▸ **Problem description**
A faithful copy of all the data below, please; leave no line out.

▸ **Supplied material**

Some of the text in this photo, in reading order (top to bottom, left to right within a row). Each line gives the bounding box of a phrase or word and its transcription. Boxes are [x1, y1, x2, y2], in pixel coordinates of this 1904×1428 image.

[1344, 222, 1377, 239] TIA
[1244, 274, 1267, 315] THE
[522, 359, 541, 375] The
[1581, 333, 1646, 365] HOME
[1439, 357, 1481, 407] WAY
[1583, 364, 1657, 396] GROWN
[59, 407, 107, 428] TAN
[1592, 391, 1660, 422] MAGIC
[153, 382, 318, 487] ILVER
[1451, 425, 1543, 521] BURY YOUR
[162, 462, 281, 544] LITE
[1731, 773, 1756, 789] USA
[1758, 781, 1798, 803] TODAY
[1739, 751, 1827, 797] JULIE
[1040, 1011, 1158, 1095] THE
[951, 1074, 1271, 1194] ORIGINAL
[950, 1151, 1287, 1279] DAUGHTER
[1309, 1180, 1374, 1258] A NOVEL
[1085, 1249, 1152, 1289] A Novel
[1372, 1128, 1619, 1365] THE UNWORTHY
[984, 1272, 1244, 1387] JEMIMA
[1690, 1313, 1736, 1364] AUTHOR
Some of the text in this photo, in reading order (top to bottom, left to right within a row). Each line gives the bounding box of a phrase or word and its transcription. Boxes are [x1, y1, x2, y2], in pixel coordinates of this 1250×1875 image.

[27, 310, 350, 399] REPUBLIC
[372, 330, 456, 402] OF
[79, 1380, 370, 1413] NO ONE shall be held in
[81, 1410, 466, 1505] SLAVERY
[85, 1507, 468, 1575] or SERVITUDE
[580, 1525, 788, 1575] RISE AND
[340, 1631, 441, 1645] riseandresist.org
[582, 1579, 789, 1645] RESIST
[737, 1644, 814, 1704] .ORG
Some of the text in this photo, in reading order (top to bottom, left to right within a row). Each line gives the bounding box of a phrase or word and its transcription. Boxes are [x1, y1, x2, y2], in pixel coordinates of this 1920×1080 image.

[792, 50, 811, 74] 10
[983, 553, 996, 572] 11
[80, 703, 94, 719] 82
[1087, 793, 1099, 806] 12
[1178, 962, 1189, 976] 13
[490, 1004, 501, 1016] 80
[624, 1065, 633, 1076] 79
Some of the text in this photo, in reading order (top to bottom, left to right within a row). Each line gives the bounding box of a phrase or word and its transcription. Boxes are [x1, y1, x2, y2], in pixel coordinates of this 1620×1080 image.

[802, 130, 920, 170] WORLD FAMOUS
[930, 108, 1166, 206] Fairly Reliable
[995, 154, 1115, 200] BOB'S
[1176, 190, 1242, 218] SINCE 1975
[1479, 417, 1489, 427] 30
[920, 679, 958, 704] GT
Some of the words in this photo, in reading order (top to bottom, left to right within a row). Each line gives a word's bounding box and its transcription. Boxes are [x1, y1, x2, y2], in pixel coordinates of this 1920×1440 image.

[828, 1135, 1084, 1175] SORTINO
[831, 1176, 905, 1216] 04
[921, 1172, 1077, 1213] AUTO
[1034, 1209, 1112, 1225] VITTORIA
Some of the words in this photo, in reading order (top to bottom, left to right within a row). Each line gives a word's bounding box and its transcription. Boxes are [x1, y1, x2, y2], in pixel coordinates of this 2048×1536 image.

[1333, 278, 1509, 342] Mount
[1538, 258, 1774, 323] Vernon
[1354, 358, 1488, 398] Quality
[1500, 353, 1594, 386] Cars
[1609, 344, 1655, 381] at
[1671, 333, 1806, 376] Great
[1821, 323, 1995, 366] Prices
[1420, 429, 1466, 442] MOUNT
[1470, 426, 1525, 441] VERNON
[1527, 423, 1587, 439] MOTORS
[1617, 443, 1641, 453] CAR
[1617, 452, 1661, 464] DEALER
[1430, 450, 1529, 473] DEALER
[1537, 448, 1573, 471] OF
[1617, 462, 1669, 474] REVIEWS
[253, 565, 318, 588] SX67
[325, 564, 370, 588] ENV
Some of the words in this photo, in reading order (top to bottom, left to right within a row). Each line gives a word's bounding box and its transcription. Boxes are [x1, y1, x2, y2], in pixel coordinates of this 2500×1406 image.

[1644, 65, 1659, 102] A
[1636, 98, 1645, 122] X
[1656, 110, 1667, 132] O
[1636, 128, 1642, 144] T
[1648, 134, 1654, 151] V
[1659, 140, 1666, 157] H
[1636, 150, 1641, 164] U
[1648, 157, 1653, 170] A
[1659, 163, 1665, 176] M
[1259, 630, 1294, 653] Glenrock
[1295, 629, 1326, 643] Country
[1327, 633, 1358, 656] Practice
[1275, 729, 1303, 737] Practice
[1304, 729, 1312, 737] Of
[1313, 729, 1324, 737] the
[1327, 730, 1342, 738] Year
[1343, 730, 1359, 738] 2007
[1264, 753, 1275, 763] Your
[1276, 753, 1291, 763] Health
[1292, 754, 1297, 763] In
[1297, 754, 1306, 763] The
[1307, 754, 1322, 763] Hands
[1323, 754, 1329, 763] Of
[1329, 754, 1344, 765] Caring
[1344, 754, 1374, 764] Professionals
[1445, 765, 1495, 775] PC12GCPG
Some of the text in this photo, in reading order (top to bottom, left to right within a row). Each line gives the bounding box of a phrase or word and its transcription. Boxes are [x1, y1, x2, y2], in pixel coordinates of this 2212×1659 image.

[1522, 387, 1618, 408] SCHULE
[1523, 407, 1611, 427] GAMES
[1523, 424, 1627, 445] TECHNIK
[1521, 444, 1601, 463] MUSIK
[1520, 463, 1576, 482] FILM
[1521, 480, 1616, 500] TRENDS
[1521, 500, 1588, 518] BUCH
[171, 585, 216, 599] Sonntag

▸ **Output for this task**
Some of the text in this photo, in reading order (top to bottom, left to right within a row). Each line gives the bounding box of a phrase or word and its transcription. Boxes are [x1, y1, x2, y2], in pixel coordinates of this 1904×1428 image.

[1344, 222, 1377, 239] TIA
[1244, 274, 1267, 315] THE
[522, 359, 541, 375] The
[1581, 333, 1646, 365] HOME
[1439, 357, 1481, 407] WAY
[1583, 364, 1657, 396] GROWN
[59, 407, 107, 428] TAN
[1592, 391, 1660, 422] MAGIC
[153, 382, 318, 487] ILVER
[1451, 425, 1543, 521] BURY YOUR
[162, 462, 281, 544] LITE
[1731, 773, 1756, 789] USA
[1758, 781, 1798, 803] TODAY
[1739, 751, 1827, 797] JULIE
[1040, 1011, 1158, 1095] THE
[951, 1074, 1271, 1194] ORIGINAL
[950, 1151, 1287, 1279] DAUGHTER
[1309, 1180, 1374, 1258] A NOVEL
[1085, 1249, 1152, 1289] A Novel
[1372, 1128, 1619, 1365] THE UNWORTHY
[984, 1272, 1244, 1387] JEMIMA
[1690, 1313, 1736, 1364] AUTHOR
Some of the text in this photo, in reading order (top to bottom, left to right within a row). Each line gives the bounding box of a phrase or word and its transcription. Boxes are [x1, y1, x2, y2], in pixel coordinates of this 1250×1875 image.

[27, 310, 350, 399] REPUBLIC
[372, 330, 456, 402] OF
[79, 1380, 370, 1413] NO ONE shall be held in
[81, 1410, 466, 1505] SLAVERY
[85, 1507, 468, 1575] or SERVITUDE
[580, 1525, 788, 1575] RISE AND
[340, 1631, 441, 1645] riseandresist.org
[582, 1579, 789, 1645] RESIST
[737, 1644, 814, 1704] .ORG
Some of the text in this photo, in reading order (top to bottom, left to right within a row). Each line gives the bounding box of a phrase or word and its transcription. Boxes are [x1, y1, x2, y2], in pixel coordinates of this 1920×1080 image.

[792, 50, 811, 74] 10
[983, 553, 996, 572] 11
[80, 703, 94, 719] 82
[1087, 793, 1099, 806] 12
[1178, 962, 1189, 976] 13
[490, 1004, 501, 1016] 80
[624, 1065, 633, 1076] 79
Some of the text in this photo, in reading order (top to bottom, left to right within a row). Each line gives the bounding box of a phrase or word and its transcription. Boxes are [x1, y1, x2, y2], in pixel coordinates of this 1620×1080 image.

[802, 130, 920, 170] WORLD FAMOUS
[930, 108, 1166, 206] Fairly Reliable
[995, 154, 1115, 200] BOB'S
[1176, 190, 1242, 218] SINCE 1975
[1479, 417, 1489, 427] 30
[920, 679, 958, 704] GT
Some of the words in this photo, in reading order (top to bottom, left to right within a row). Each line gives a word's bounding box and its transcription. Boxes are [x1, y1, x2, y2], in pixel coordinates of this 1920×1440 image.

[828, 1135, 1084, 1175] SORTINO
[831, 1176, 905, 1216] 04
[921, 1172, 1077, 1213] AUTO
[1034, 1209, 1112, 1225] VITTORIA
Some of the words in this photo, in reading order (top to bottom, left to right within a row). Each line gives a word's bounding box and its transcription. Boxes are [x1, y1, x2, y2], in pixel coordinates of this 2048×1536 image.

[1333, 278, 1509, 342] Mount
[1538, 258, 1774, 323] Vernon
[1354, 358, 1488, 398] Quality
[1500, 353, 1594, 386] Cars
[1609, 344, 1655, 381] at
[1671, 333, 1806, 376] Great
[1821, 323, 1995, 366] Prices
[1420, 429, 1466, 442] MOUNT
[1470, 426, 1525, 441] VERNON
[1527, 423, 1587, 439] MOTORS
[1617, 443, 1641, 453] CAR
[1617, 452, 1661, 464] DEALER
[1430, 450, 1529, 473] DEALER
[1537, 448, 1573, 471] OF
[1617, 462, 1669, 474] REVIEWS
[253, 565, 318, 588] SX67
[325, 564, 370, 588] ENV
Some of the words in this photo, in reading order (top to bottom, left to right within a row). Each line gives a word's bounding box and its transcription. Boxes are [x1, y1, x2, y2], in pixel coordinates of this 2500×1406 image.

[1644, 65, 1659, 102] A
[1636, 98, 1645, 122] X
[1656, 110, 1667, 132] O
[1636, 128, 1642, 144] T
[1648, 134, 1654, 151] V
[1659, 140, 1666, 157] H
[1636, 150, 1641, 164] U
[1648, 157, 1653, 170] A
[1659, 163, 1665, 176] M
[1259, 630, 1294, 653] Glenrock
[1295, 629, 1326, 643] Country
[1327, 633, 1358, 656] Practice
[1275, 729, 1303, 737] Practice
[1304, 729, 1312, 737] Of
[1313, 729, 1324, 737] the
[1327, 730, 1342, 738] Year
[1343, 730, 1359, 738] 2007
[1264, 753, 1275, 763] Your
[1276, 753, 1291, 763] Health
[1292, 754, 1297, 763] In
[1297, 754, 1306, 763] The
[1307, 754, 1322, 763] Hands
[1323, 754, 1329, 763] Of
[1329, 754, 1344, 765] Caring
[1344, 754, 1374, 764] Professionals
[1445, 765, 1495, 775] PC12GCPG
Some of the text in this photo, in reading order (top to bottom, left to right within a row). Each line gives the bounding box of a phrase or word and its transcription. Boxes are [x1, y1, x2, y2], in pixel coordinates of this 2212×1659 image.

[1522, 387, 1618, 408] SCHULE
[1523, 407, 1611, 427] GAMES
[1523, 424, 1627, 445] TECHNIK
[1521, 444, 1601, 463] MUSIK
[1520, 463, 1576, 482] FILM
[1521, 480, 1616, 500] TRENDS
[1521, 500, 1588, 518] BUCH
[171, 585, 216, 599] Sonntag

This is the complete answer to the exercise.